◆ **What to produce**
Each line of the records has to be copied exactly, though the pictures must be left out.

◆ **Data for analysis**
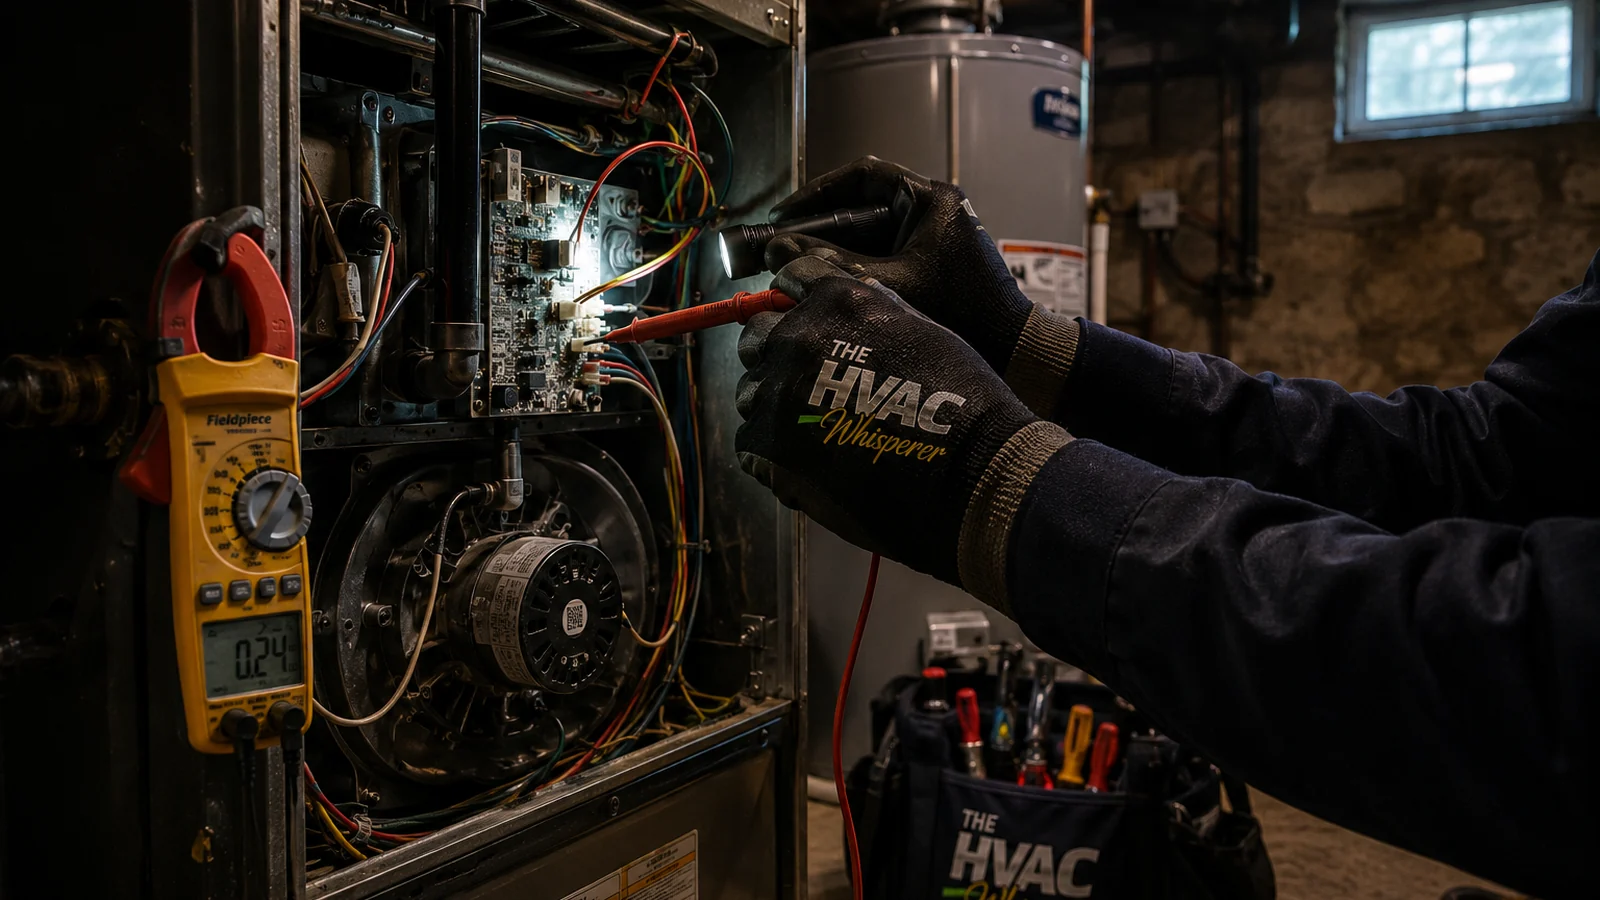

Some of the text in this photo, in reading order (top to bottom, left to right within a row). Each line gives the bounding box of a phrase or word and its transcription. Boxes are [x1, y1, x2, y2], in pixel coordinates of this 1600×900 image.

[832, 339, 873, 364] THE
[207, 413, 272, 427] Fieldpiece
[808, 359, 966, 435] HVAC
[820, 407, 947, 464] Whisperer
[235, 635, 288, 681] 0.24
[962, 808, 1000, 833] THE
[950, 831, 1100, 898] HVAC

◆ **Answer to the problem**
Some of the text in this photo, in reading order (top to bottom, left to right within a row). Each line gives the bounding box of a phrase or word and its transcription. Boxes are [x1, y1, x2, y2], in pixel coordinates of this 1600×900 image.

[832, 339, 873, 364] THE
[207, 413, 272, 427] Fieldpiece
[808, 359, 966, 435] HVAC
[820, 407, 947, 464] Whisperer
[235, 635, 288, 681] 0.24
[962, 808, 1000, 833] THE
[950, 831, 1100, 898] HVAC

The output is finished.